London Tobacconist c. 1964

The air was redolent of snuff. Surely men didn’t still inhale this vile weed? On two walls, the one facing the customer and the one to his right as he entered the shop, were waist to ceiling-height glass-front cabinets, sporting every brand of cigarette and tobacco in the known world.

You could tell the display cases were old not just from the burnished wood of their frames but from the rippled, almost blue, of their glass windows, shimmering depending on how far you travelled in one movement. The cases, installed in 1878, had once been a deep brown but where handles had been missed and generations of proprietors’ fingers had rubbed their surface, the timber was shiny and chestnut.

Beneath these the tobacconist patrolled, dressed as a pharmacist in a white dust coat over a plain shirt and thin maroon tie that could have been from a cricket club. The man’s hands were soft and gentle but his fingers as dark as the original wood of his cabinets.

On his counter before him was the only sign of modern London in the shop. Wrigley’s spearmint chewing gum. A small cash register was another recent installation. It occupied some of the space formerly occupied by a black and gold Tannock, its keys the size of sixpences.
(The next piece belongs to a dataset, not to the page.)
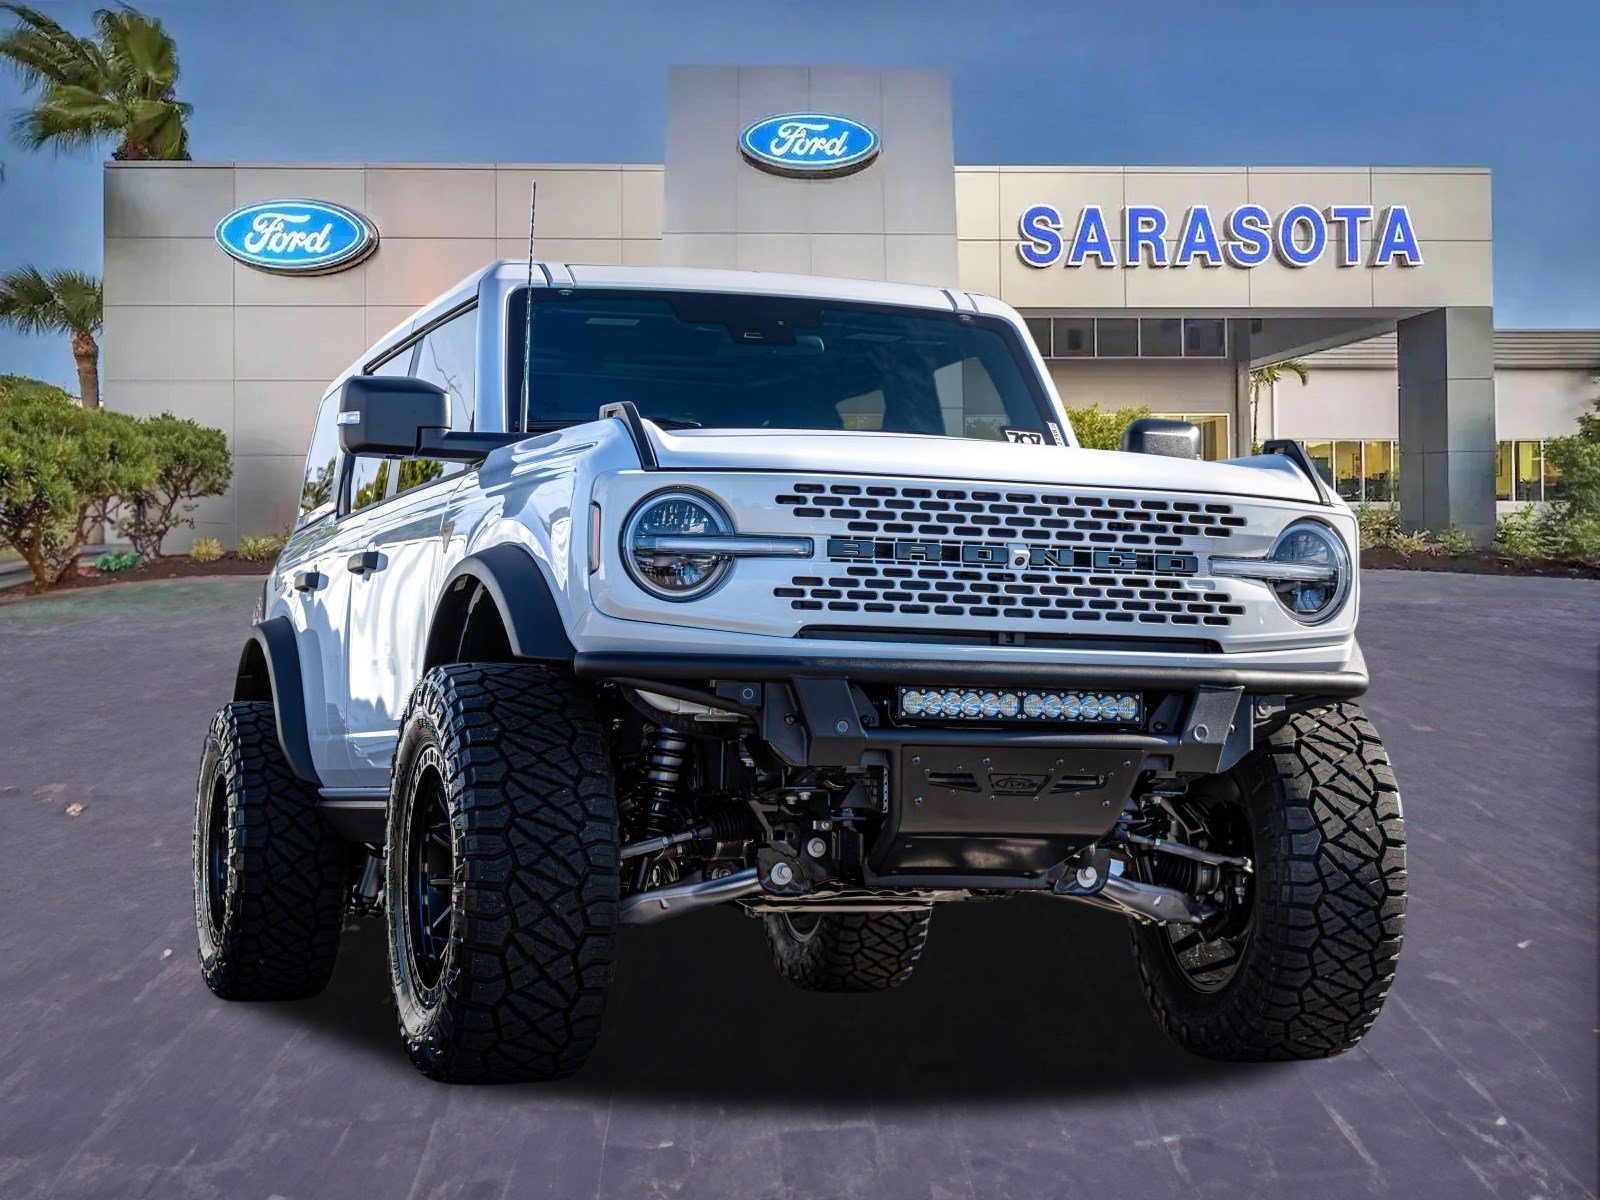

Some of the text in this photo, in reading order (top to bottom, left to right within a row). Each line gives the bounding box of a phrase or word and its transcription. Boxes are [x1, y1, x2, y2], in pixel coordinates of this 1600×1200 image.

The distracting modern bits were in turn overwhelmed by the brands in the cases. Capstan and Peter Stuyvesant shouldered their neighbours Gitaines and Old Cossack. The Turkish Abdul shared a border with the Greek Bouzoukia and Craven A was beside Marlboro. Camel and even a few packets of Player’s were other easily recognised stars of the cigarette oeuvre.
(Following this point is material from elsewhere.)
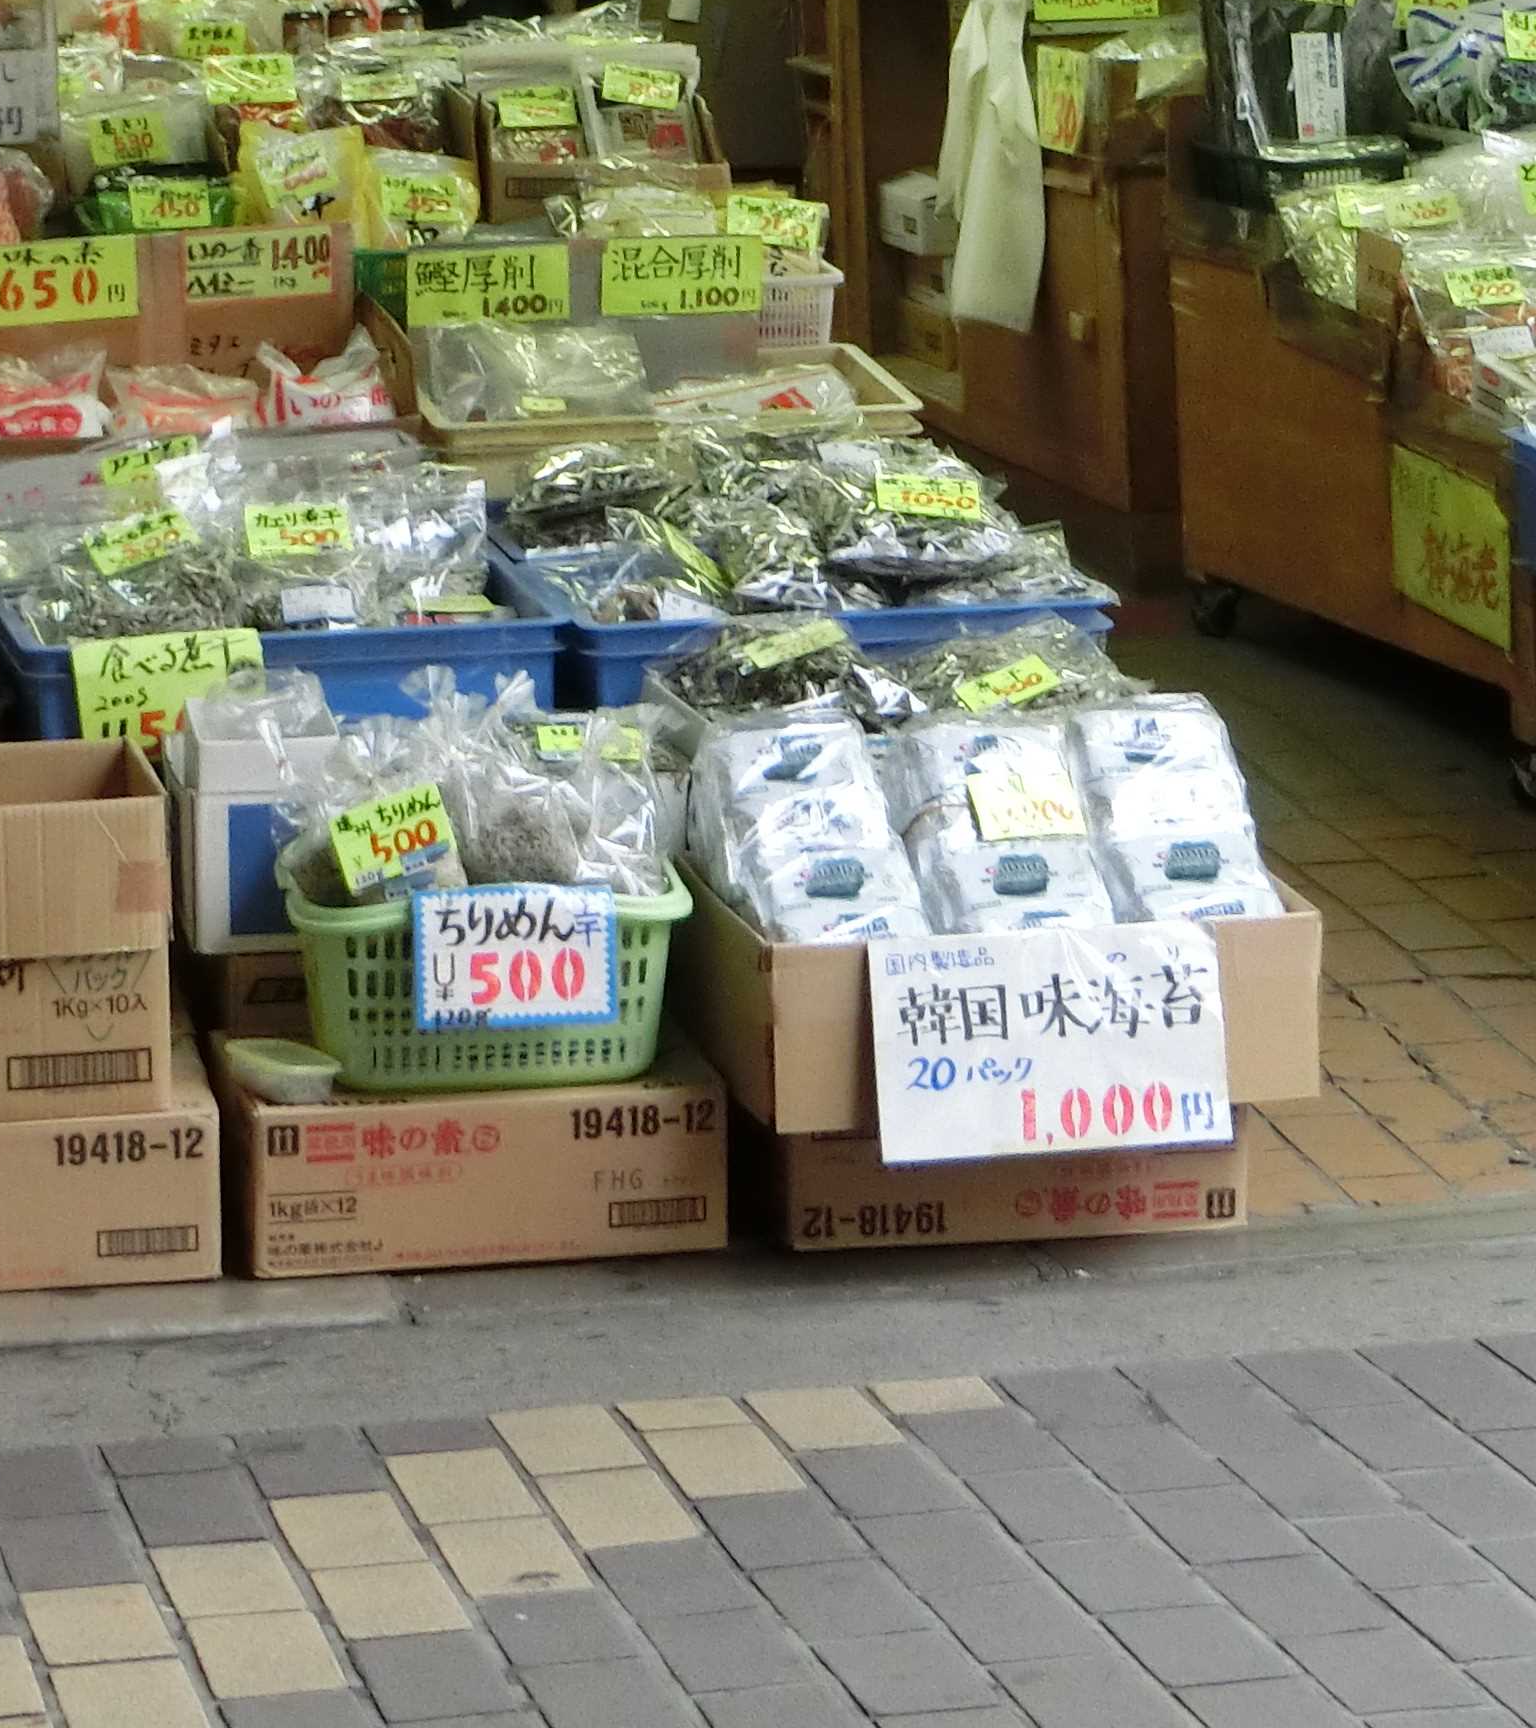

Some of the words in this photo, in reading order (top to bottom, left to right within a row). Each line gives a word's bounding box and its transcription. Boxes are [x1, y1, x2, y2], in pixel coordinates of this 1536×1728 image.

To the left of the door was a small round table serviced by two nautical-looking chairs, their seats as shiny as the bottoms of the trousers that would have rubbed them perhaps over the nearly 80 years of the shop’s existence. No one sat there now but I imagined a young Leo McKern in one of them, lighting his pipe filled with Champion Ruby because this was the only place in London you could get it. The yellow packet resting on the table its flap open and several strands of golden tobacco spilling from it. A bleary-eyed Peter Finch was McKern’s companion, chain-smoking readymades, the brand of which changed with the seasons.

Above was a once white ceiling of no particular decoration now turned khaki from the years of rising smoke. A Brunswick-green three-pedestal lighting fixture hung from this and it shone like the cabinets, polished every day by the scrupulous tobacconist atop a step-ladder.  
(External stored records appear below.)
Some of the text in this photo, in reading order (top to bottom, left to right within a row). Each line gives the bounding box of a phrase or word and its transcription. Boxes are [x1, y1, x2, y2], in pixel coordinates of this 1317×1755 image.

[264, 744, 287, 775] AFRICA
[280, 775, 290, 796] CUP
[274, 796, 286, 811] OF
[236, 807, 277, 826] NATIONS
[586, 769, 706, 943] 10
Behind the table for two were similarly dust-free frames of Players’ collectible cards, geometrically perfect attached to the green felt of the catalogue’s back. Most of the cards’ depictions were dressed in white but some wore bright blazers of a base colour and garish, thin, contrasting stripe. Closer inspection revealed they were cricketers. There was Hobbs, Tate, Rhodes, Larwood but no Dr Grace for these cards were from the early thirties. One Australian had insinuated his way into the pantheon and even then they knew how good he was. Bradman was to become synonymous with cricket for a century of enthusiasts no matter what nation they supported. 

Prince of Wales 1905

As I left I noticed the precise printing on the entry’s glass: WIGMORES, and in smaller writing, Tobacconist to the Prince of Wales. The famous one. He had been a Borkum Riff man. The door closed behind me and I was back in a jumble market to my left. A record player was loudly advertising Brian Poole and the Tremeloes. The new world.